Friday, August 13, 2010

The Golden Triangle: Day 1 Canmore to Golden

The hardest ride I have ever done to date. Hands down. All the training I did for my half ironman in Calgary. FORGET IT. That training was for this. I was far more bagged at the end of one day of this ride series than I was after the race. Maybe it was good that I didn't know in advance what I was getting into. And I will say now that if I was to do it again I would do it like this, supported on a proper road bike with someone else carrying my gear. We did a longer ride than this organized version because we left from Canmore which adds about 50-60 km to the ride advertised in the link. And if you want a sneak peak of the outcome look here NOW. This is our version of the ride.

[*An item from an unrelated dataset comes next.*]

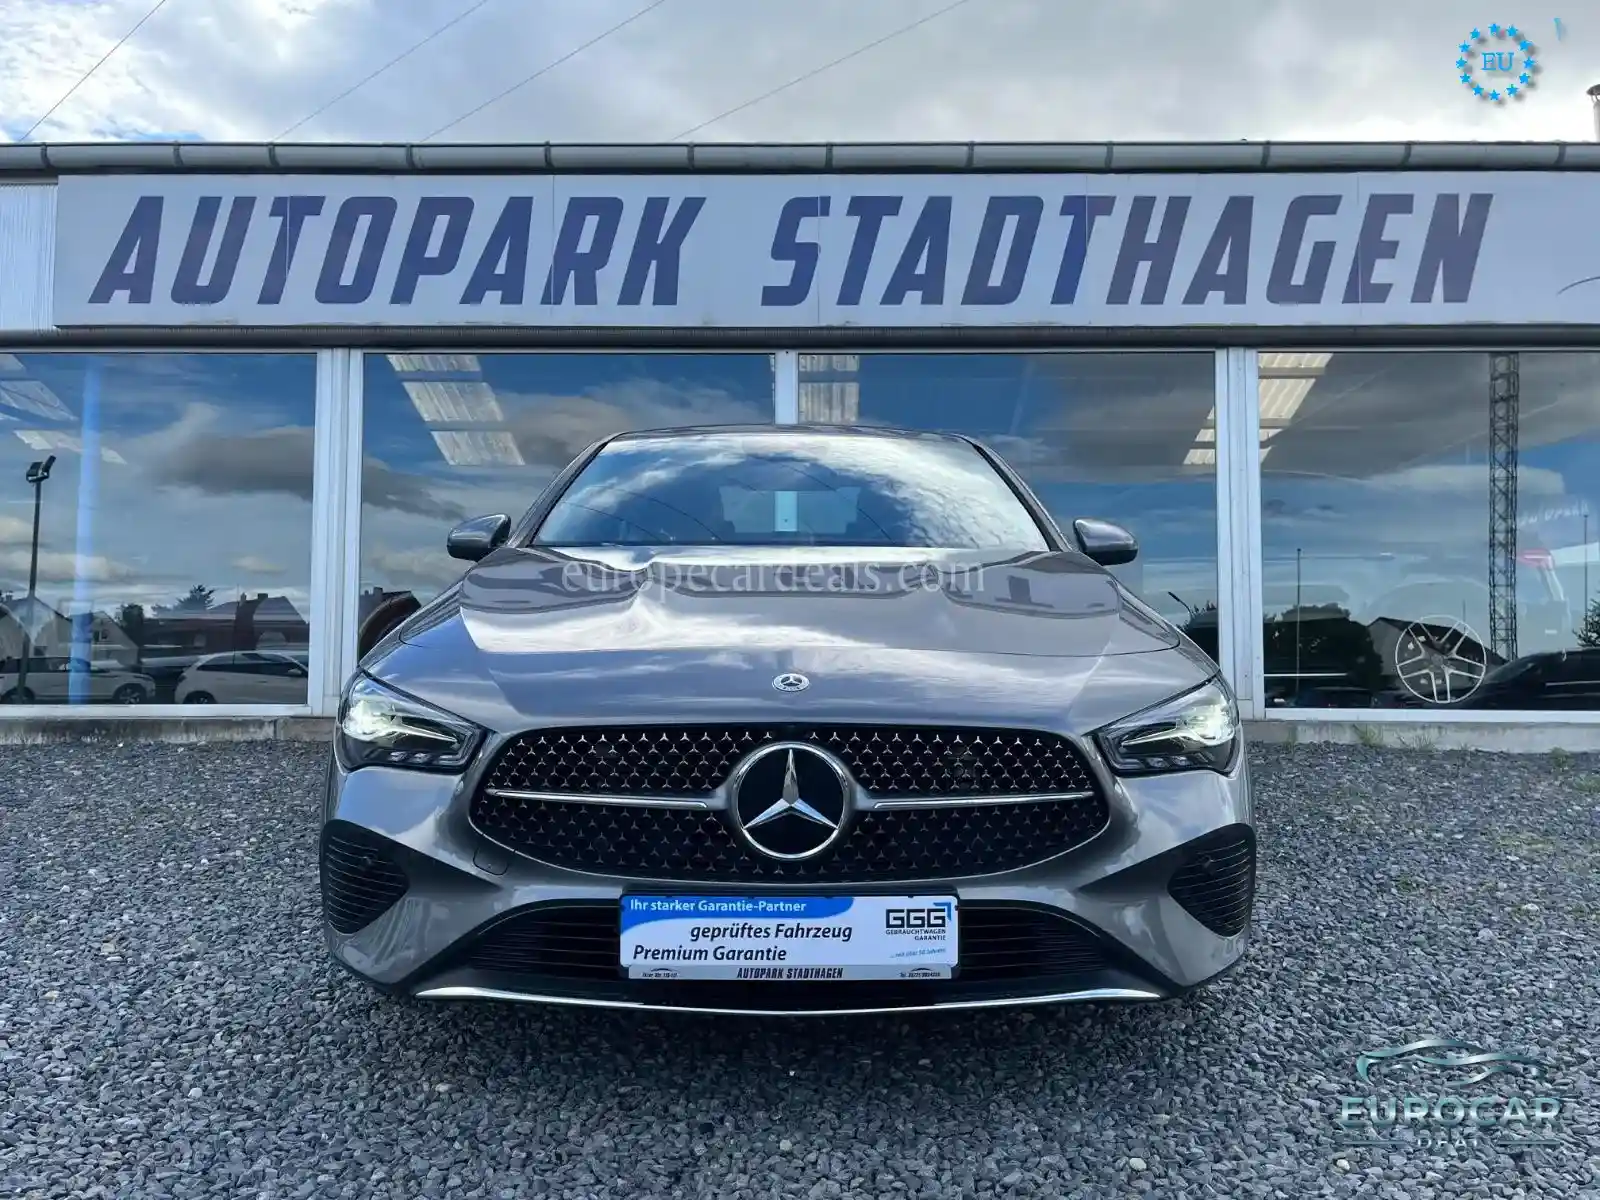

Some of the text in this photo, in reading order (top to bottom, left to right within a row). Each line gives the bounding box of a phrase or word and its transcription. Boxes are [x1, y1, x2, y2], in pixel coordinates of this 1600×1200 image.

Two Centuries and a Metric

Days: 3
Total Distance: 427.0 km (162.7, 107.1, 157.2)
Hours in the saddle: 19:09:25

The Players:

Guy: 58 year old (but looks much younger), Chair of Business Admin with an IT and Education background and my friend Lisa's boss. Arguably a workaholic (I doubt he would refute that). Travel junkie and happily married to a spouse (luckily) who is an AC employee. Coincidence? I think not. Internal alarm clock firmly set at 5:30 a.m. Francophone by culture so that is the French "Guy" (hard "G" -- ee) as opposed to the English "Guy" (hard "G" eye) -- Rides very very heavy touring hybrid bike by Mikoura (or something like that). Strengths: the long gentle downhill for which a young punk chick like myself riding an unfriendly converted mountain bike much enjoyed sitting on his back wheel for these sections. Although, there is a downside to sitting in anyone's draft in the mountains. Sometimes it was preferable to sit back and just look around and you can't do that if you are staring at a rear wheel.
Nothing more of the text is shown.